Elections give organizers and activists a chance to put all their skill sets into practice, and to develop new tools to better work in our communities. Never pass up the chance to work on one when you can. The skills you learn here, especially when you are young, can be used for the rest of your life.
The people I had the chance to speak to through phone banking and canvassing taught me just as much. I learned that for every angry anti-choicer out there, there is a pro-choice advocate happy to answer the door or pick up the phone. They will thank you for the work you are doing, for the time you put into the causes you believe in, and maybe even tell you a bit about how they came to be pro-choice. Those are the conversations that make it worthwhile.
2. Do not doubt that a few can make a big difference.
The final numbers for what the Planned Paretood staff and volunteers at the GOTV weekend were able to accomplish was follows: We knocked on 10,300 doors and made over 37,000 phone calls to voters across the state. A few people can make a huge difference, and that week was just one example of what we can accomplish when we believe in a cause and work together for it.
3. Even in defeat, recognize your successes.
We may not have won the fight for Wisconsin, but the War on Social Justice (I prefer this term to the War on Women,) is far from over. With the Presidential Election just months away, the lessons we learned here will be more important than ever.

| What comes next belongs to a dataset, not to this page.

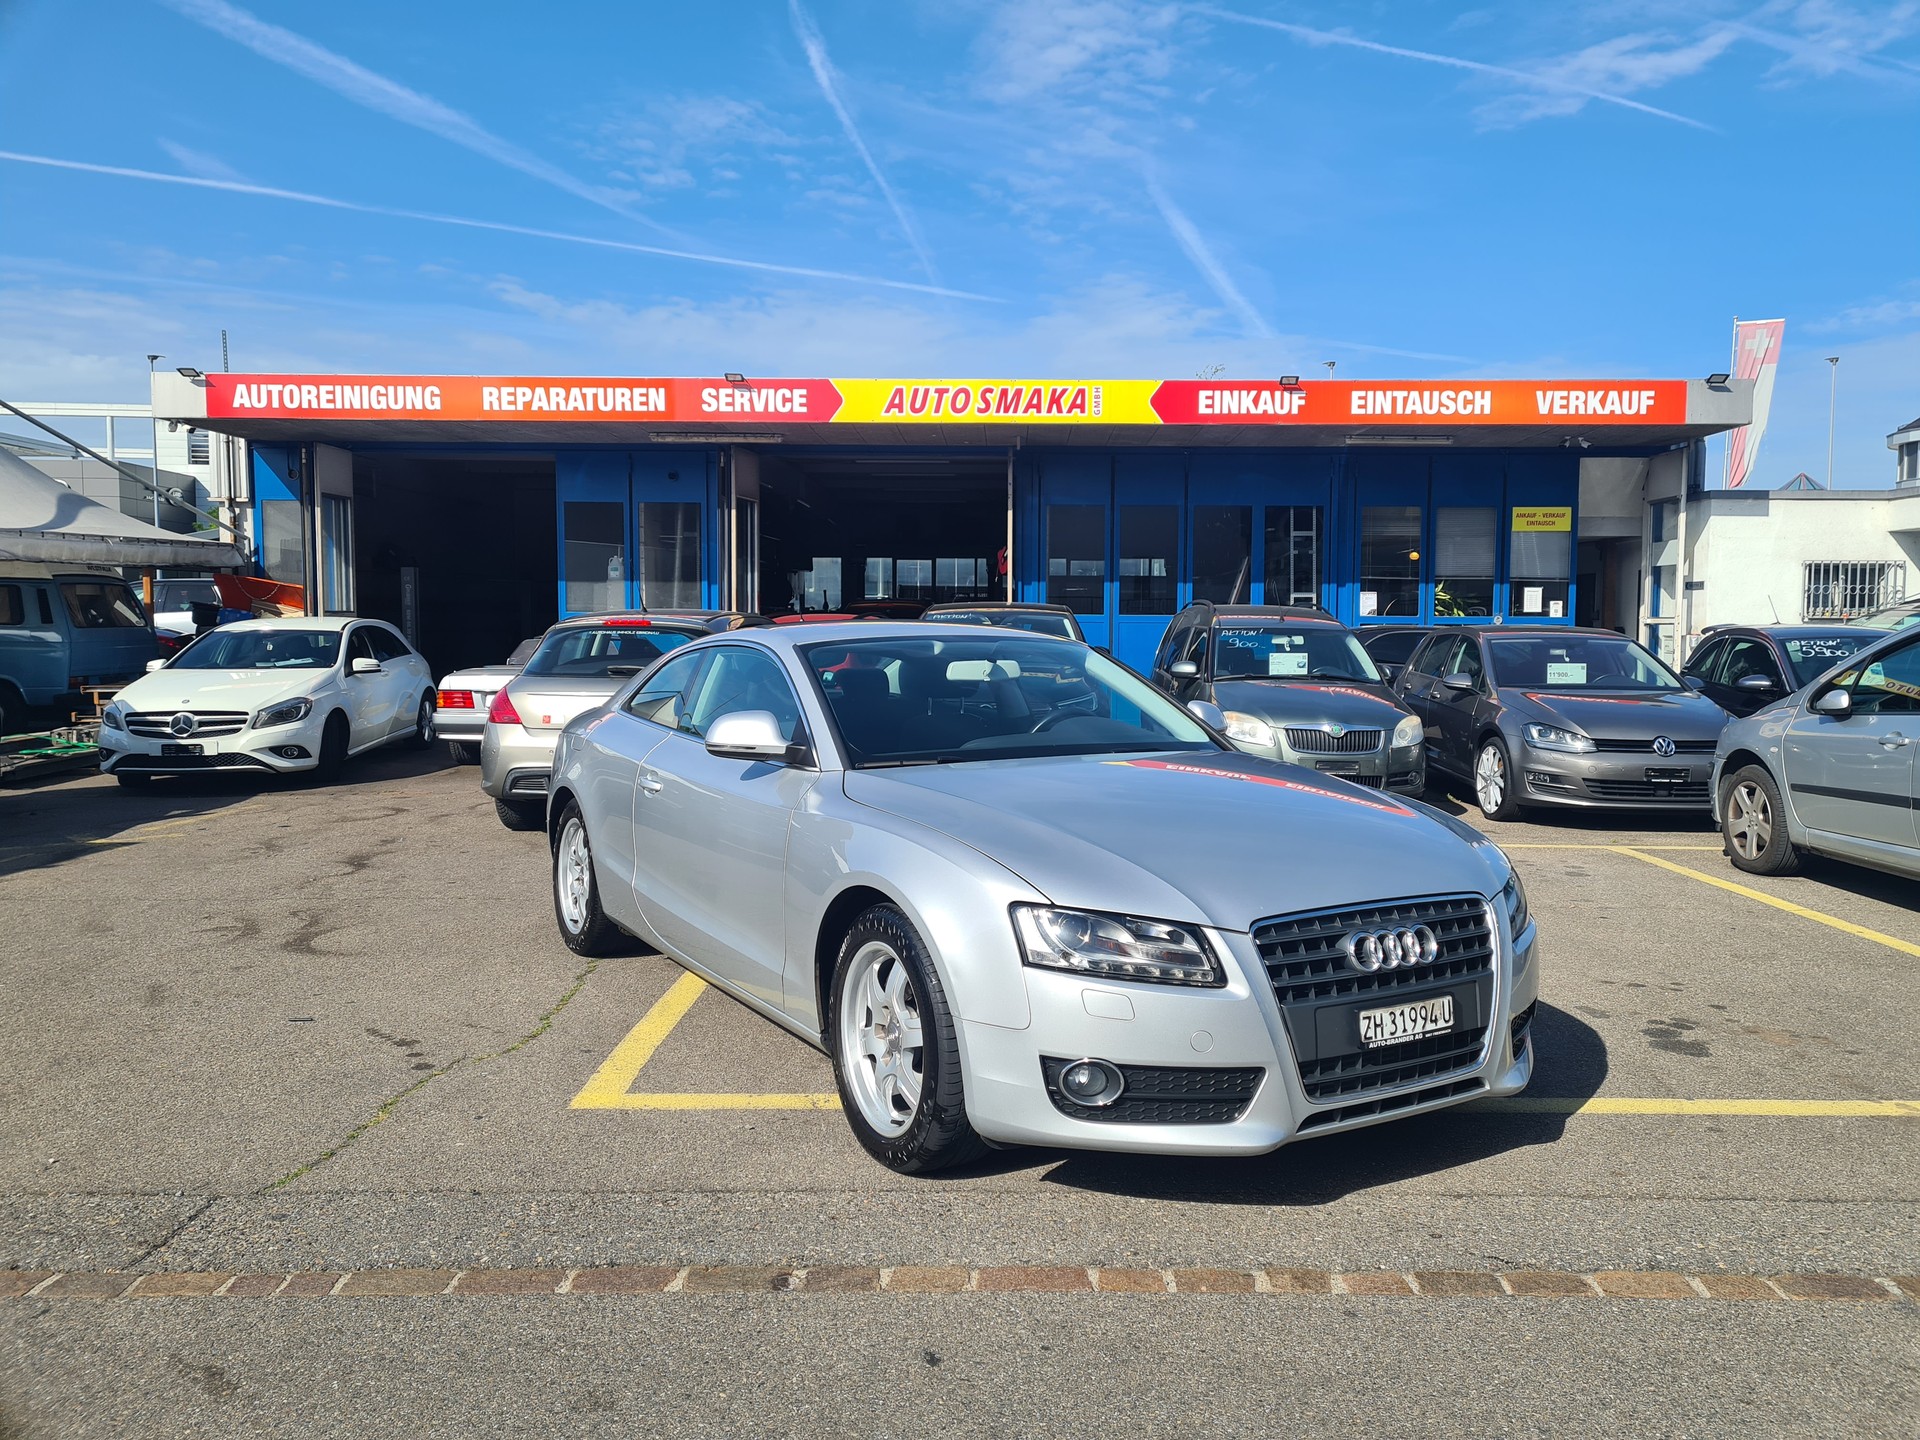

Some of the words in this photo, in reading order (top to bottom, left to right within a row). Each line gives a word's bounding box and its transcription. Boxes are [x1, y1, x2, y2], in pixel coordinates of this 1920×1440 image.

It is easy to get burnt out doing advocacy and activism work, and concentrating on defeats is one way to get there fast. Recognizing the successes, even in moments of defeat, can make all of the difference. When I think back on the time I spent at the GOTV Boot Camp, I do not think about how we lost the election. I think about all the people we spoke to, the people whose mind’s we were able to change, the lasting impact we made simply by getting out there and interacting with the community, and of course making sure the community knew that their voices mattered. That is what makes activism worth it.
Last but not least…
4. Don’t forget to take pictures.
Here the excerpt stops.